Can you remember which PIO your pony has a passport with--please tell them you think pony has been re-passported
You may be able to search on National Equine database for it and associate yourself with it--ie prove that no-one has updated passport
www.nedonline.co.uk
Or ask for help on here to look--need name it is registered under and year of birth and height and colour but we wont be able to prove you are still owner
You must get police help--selling someone elses pony is a crime


----------



## danielledanielle (19 February 2009)

I will have a look at that website he has a weatherbys passport x


----------



## danielledanielle (19 February 2009)

I found him... well.. i found his passport on the ned... but it doesnt say whos name its under is it supposed to? xx

ps there is also one under his new name :S

Oh im so confused maybe the barrister im going to see would be the best option first??? xxxx


----------



## Cuffey (19 February 2009)

Will NED allow you to 'associate ' yourself with that passport--ie are you the owner still--put in your address when you passported the pony
Which PIO is second passport with--Pet ID--have they microchipped the pony or is it with the Passport Agency?
You must report this to NED contact details on nedonline--mark it urgent
Please report it to both PIOs
Police please this is a crime, although buyers have not committed one I dont think unless they were given original passport and have taken out a new one as no horse should have 2


----------



## fatpiggy (19 February 2009)

Are the new "owners" aware of his veterinary problem? They may not be so keen to keep him if they think he will either keep going lame or cost them in bills.


----------



## awol (19 February 2009)

If you have proof that the horse is yours and you did not sell it and report it to the police and you know where it is the police will accompany you to retrieve your property. It will be up to the person who brought it to take out a case against the person who sold him to them. But you must have without doubt proof that he is your horse.


----------



## danielledanielle (19 February 2009)

Yeah, they know about his spavin 
	
	
		
		
	


	





So... i have xrays from his spavin, i have his insurannce details and they can also ring the passport people to prove out name is there HOWEVER the 'new owners' have changed his name??? does that matter? because they could say that its a different horse? xx


----------



## T_K (19 February 2009)

Could your vet identify your pony?


----------



## awol (20 February 2009)

Sent you PM


----------



## siennamum (20 February 2009)

Do you definitely want the pony back? If you have a new horse and the pony was of minimal value and now has a good home... assuming that is the case. Maybe you oculd agree with the new owners that he is now theirs but that you would like to keep in touch. Might be completely unrealistic don't know the full circumstances.


----------



## danielledanielle (20 February 2009)

Hey Seinnamum... no, he's my babyyyyyy I love him to bits and the new 'owners' have been so rude to me. 

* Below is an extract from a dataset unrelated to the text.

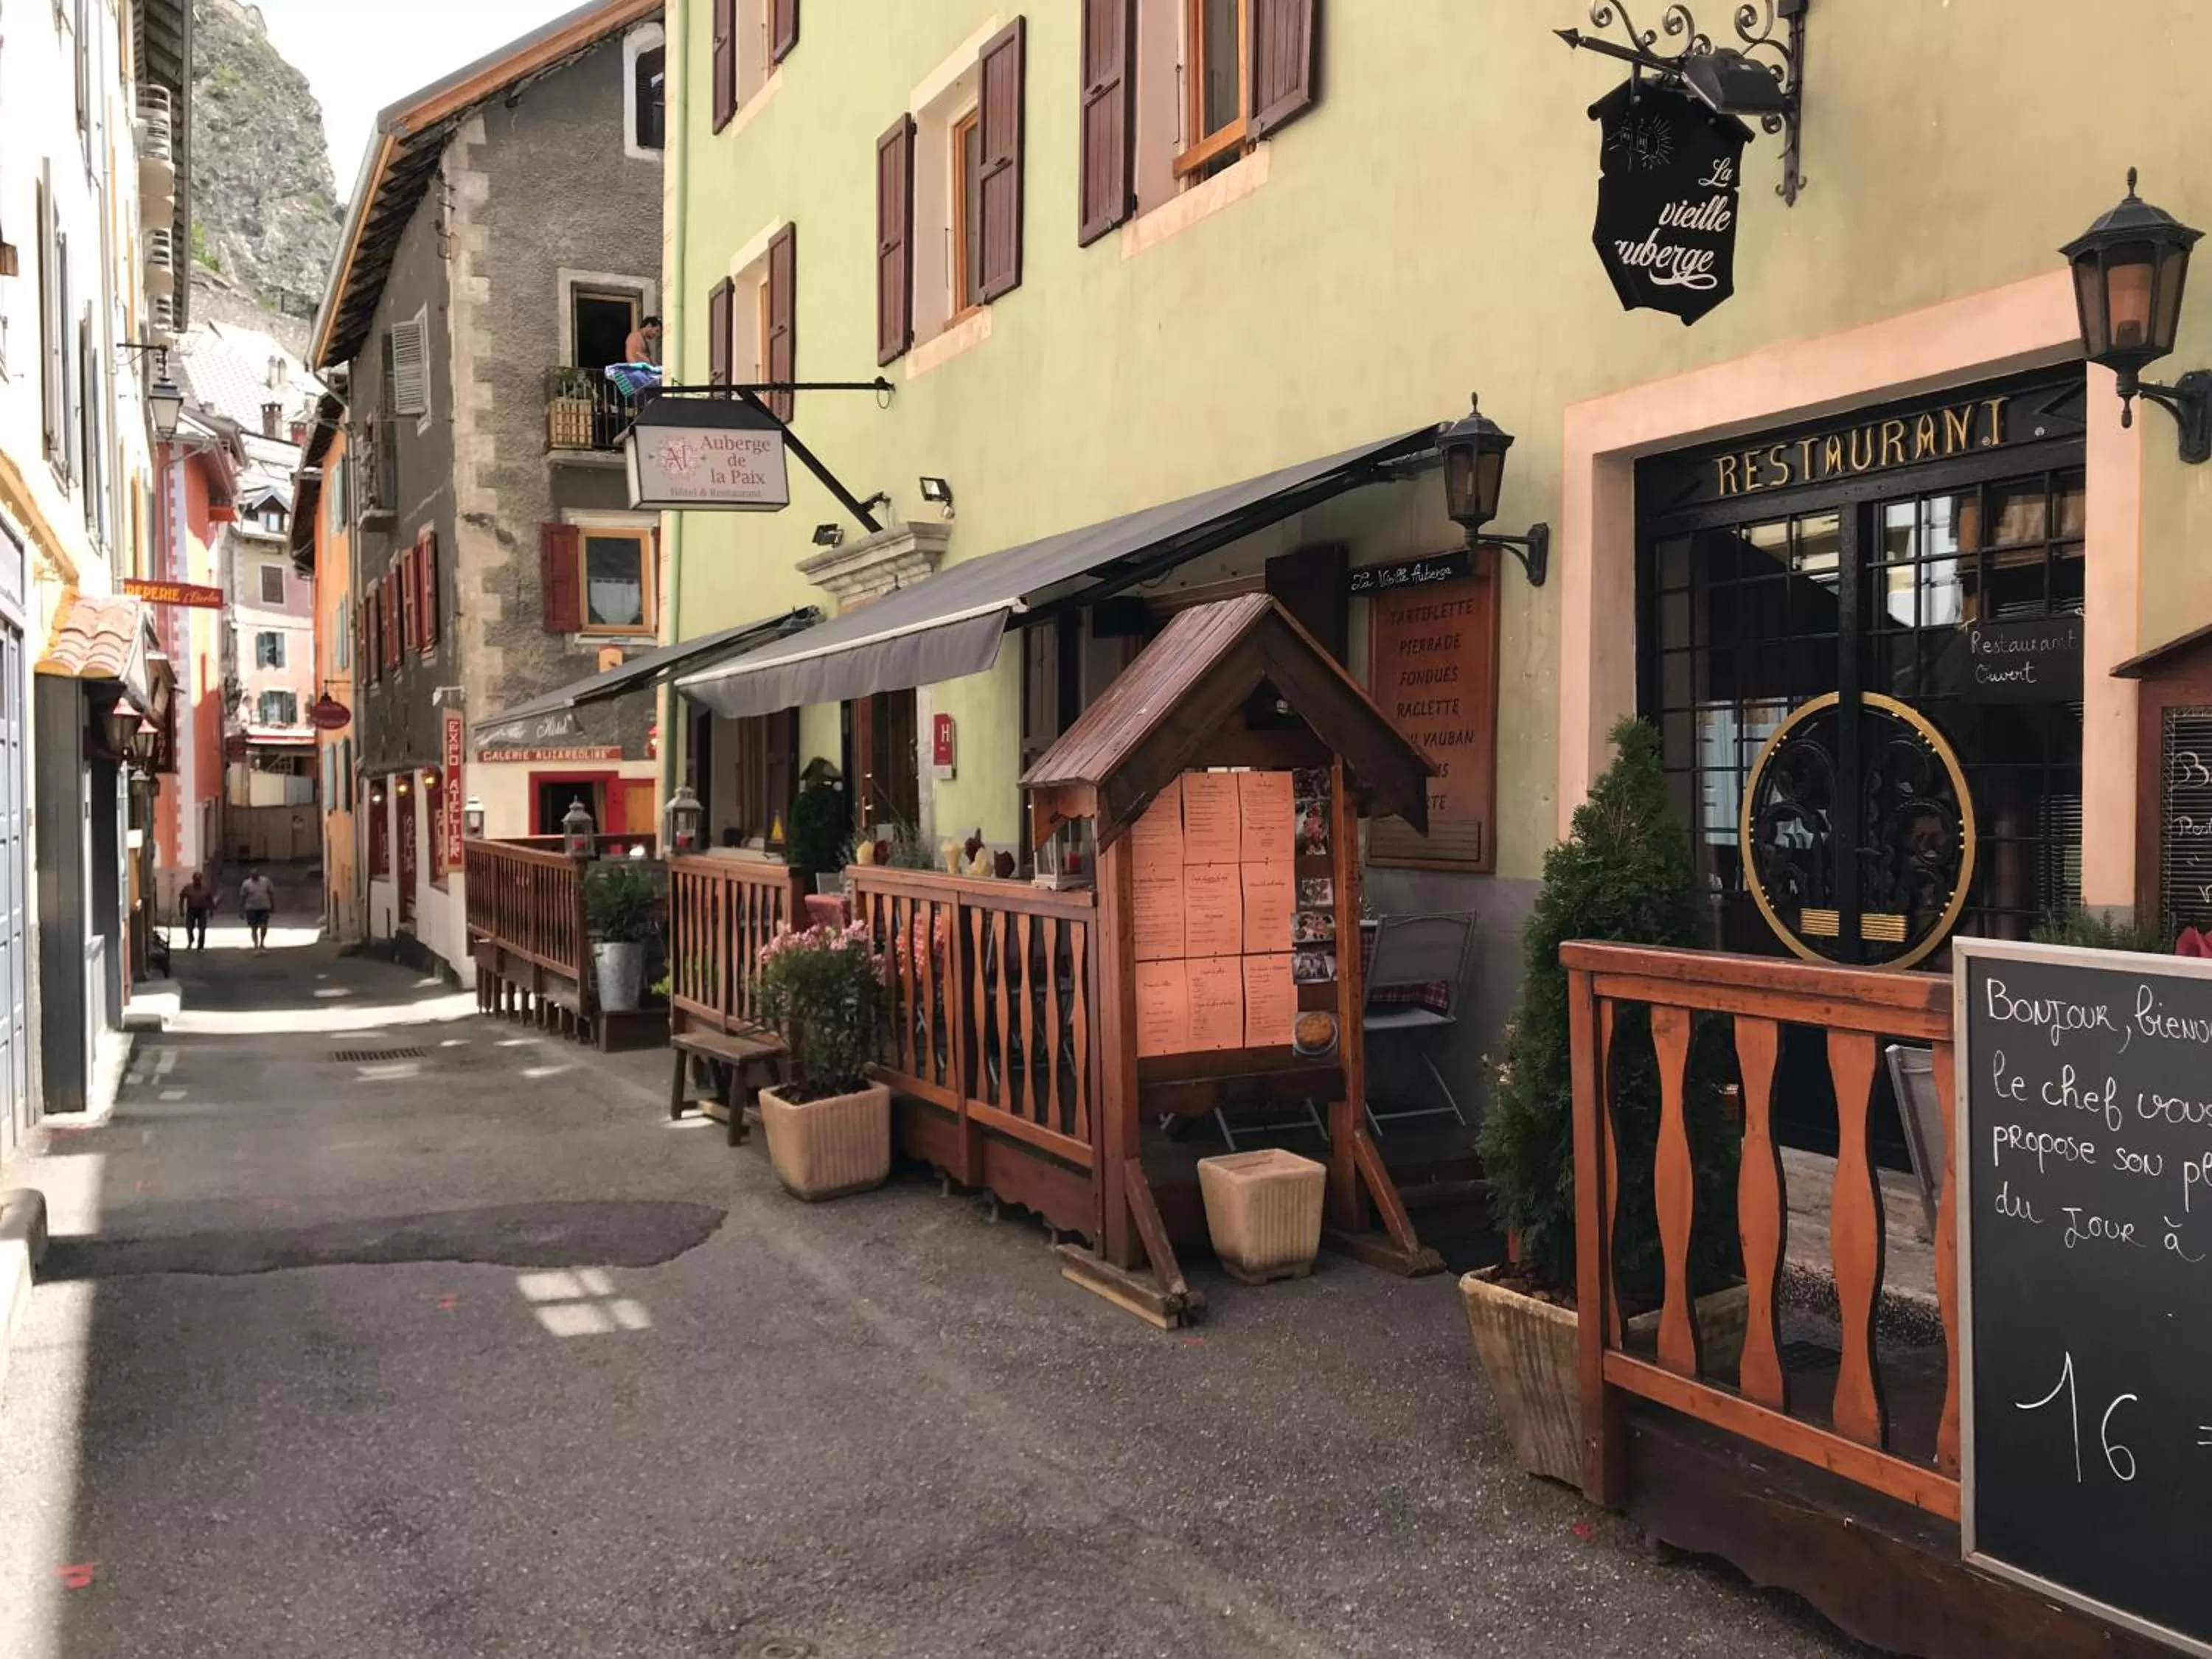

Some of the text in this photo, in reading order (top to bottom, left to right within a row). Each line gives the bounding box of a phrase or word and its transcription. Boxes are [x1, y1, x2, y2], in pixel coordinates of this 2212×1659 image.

I will try to respond to PM but its not letting me for some reason :S :S

I am not sure the vets would recognise him but i do have the xrays and i know a few officers that could too... xxx


----------



## timthearab (4 March 2009)

I have a horse that has been sold whilst on loan and i am still trying to locate him, so i fully understand how you are feeling.   I miss my big boy so much that every day is a hurdle.  I passed it on to the police who are deaing with it now, but things do get very complicated.  Yes a crime has been commited but and its a big but, if the person who now has him paid money in good faith then there is a chance that you may not be able to get the horse back.  It must be passed on to the police because there are so many rules. Good luck, i still dont know where my Tim is!!


----------



## danielledanielle (7 March 2009)

I've found my boyyy.. got appt with a barrister on monday - my friends mum she's going to help me.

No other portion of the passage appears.